Ingredients with Measurements:
- 1 lb lamb, cut into bite-sized pieces
- 2 cups fresh spinach, chopped
- 1 onion, chopped
- 2 garlic cloves, minced
- 1 tbsp ginger, minced
- 2 tbsp vegetable oil
- 1 tsp cumin seeds
- 1 tsp coriander seeds
- 1 tsp turmeric powder
- 1 tsp chili powder
- 1 tsp garam masala
- 1 cup coconut milk
- Salt, to taste
- Water, as needed
Special equipment needed:
- Large pot or Dutch oven
- Mortar and pestle or spice grinder
Step-by-step instructions:
1. In a mortar and pestle or spice grinder, grind cumin seeds and coriander seeds until finely ground.
2. In a large pot or Dutch oven, heat vegetable oil over medium-high heat. Add onion and cook until softened, about 5 minutes.
3. Add garlic and ginger and cook for another minute.
4. Add ground cumin and coriander, turmeric powder, chili powder, and garam masala. Cook for 1-2 minutes until fragrant.
5. Add lamb and cook until browned on all sides, about 5 minutes.
6. Add coconut milk and enough water to cover the lamb.

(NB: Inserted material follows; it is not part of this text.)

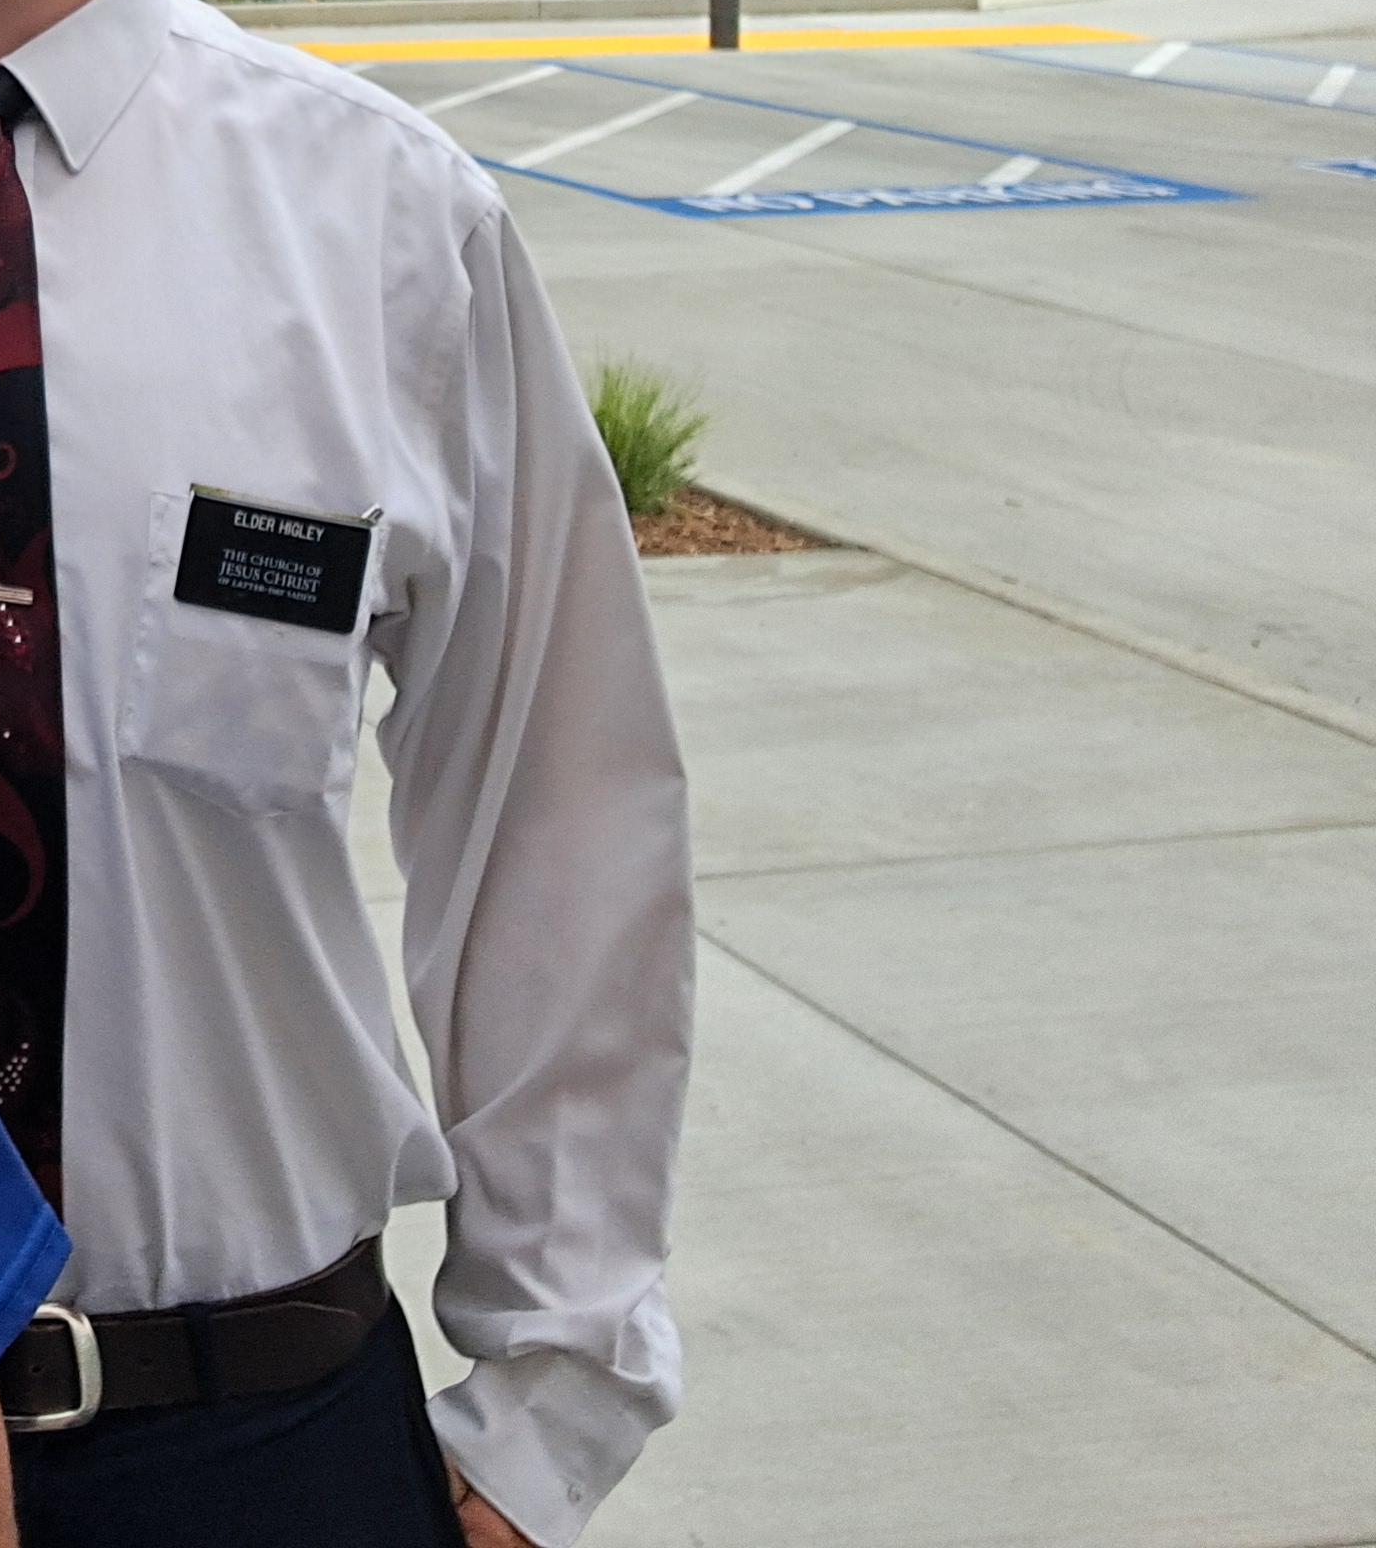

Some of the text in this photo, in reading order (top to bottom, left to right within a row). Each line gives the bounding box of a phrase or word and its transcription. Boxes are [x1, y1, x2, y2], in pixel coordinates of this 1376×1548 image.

[234, 509, 325, 542] ELDER HIGLEY
[218, 560, 321, 593] JESUS CHRIST
[223, 548, 323, 578] THE CHURCH OF

Bring to a boil, then reduce heat and simmer for 30-40 minutes until the lamb is tender.
7. Add chopped spinach and cook for another 5 minutes until wilted.
8. Season with salt to taste.
Time:
Preparation time: 15 minutes
Cooking time: 45-50 minutes
Temperature:
Medium-high heat for sautéing, boiling, and simmering.
Serving size:
This recipe serves 4 people.
Nutritional information:
Calories: 410
Fat: 31g
Carbohydrates: 8g
Protein: 25g
Sodium: 310mg
Sugar: 2g
Fiber: 2g
Substitutions for ingredients:
- Lamb can be substituted with beef or chicken.

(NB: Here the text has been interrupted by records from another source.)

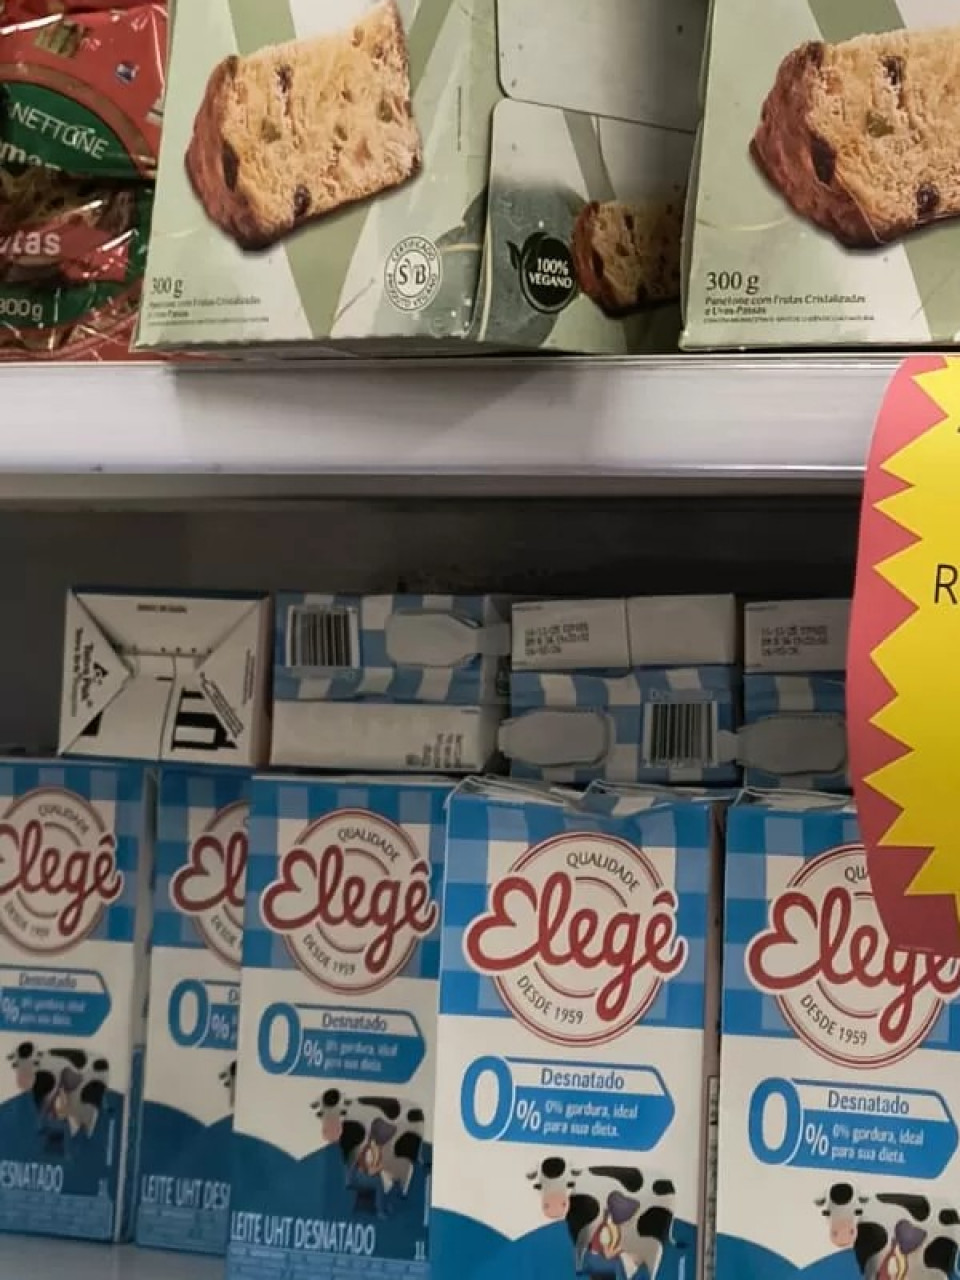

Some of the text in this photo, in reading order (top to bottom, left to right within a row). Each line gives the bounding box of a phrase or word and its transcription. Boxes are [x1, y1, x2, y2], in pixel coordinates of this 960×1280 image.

[529, 271, 573, 291] VEGANO
[536, 258, 569, 276] 100%
[706, 271, 760, 294] 300 g
[337, 828, 400, 863] QUALIDADE
[566, 851, 640, 894] QUALIDADE
[263, 844, 436, 974] Elegê
[467, 871, 686, 1022] Elegê
[517, 975, 584, 1025] DESDE 1959
[800, 994, 867, 1045] DESDE 1959
[541, 1067, 625, 1090] Desnatado
[612, 1103, 638, 1119] ideal
[828, 1090, 910, 1115] Desnatado
[900, 1128, 923, 1145] ideal
[231, 1211, 376, 1255] LEITE UHT DESNATADO

- Fresh spinach can be substituted with frozen spinach.
Variations:
- Add diced potatoes or carrots for extra vegetables.
- Use different spices such as cardamom or cinnamon for a different flavor profile.
- Add diced tomatoes for a tangy twist.
Tips and tricks:
- Browning the lamb before simmering adds flavor to the dish.
- Adjust the amount of chili powder to your desired level of spiciness.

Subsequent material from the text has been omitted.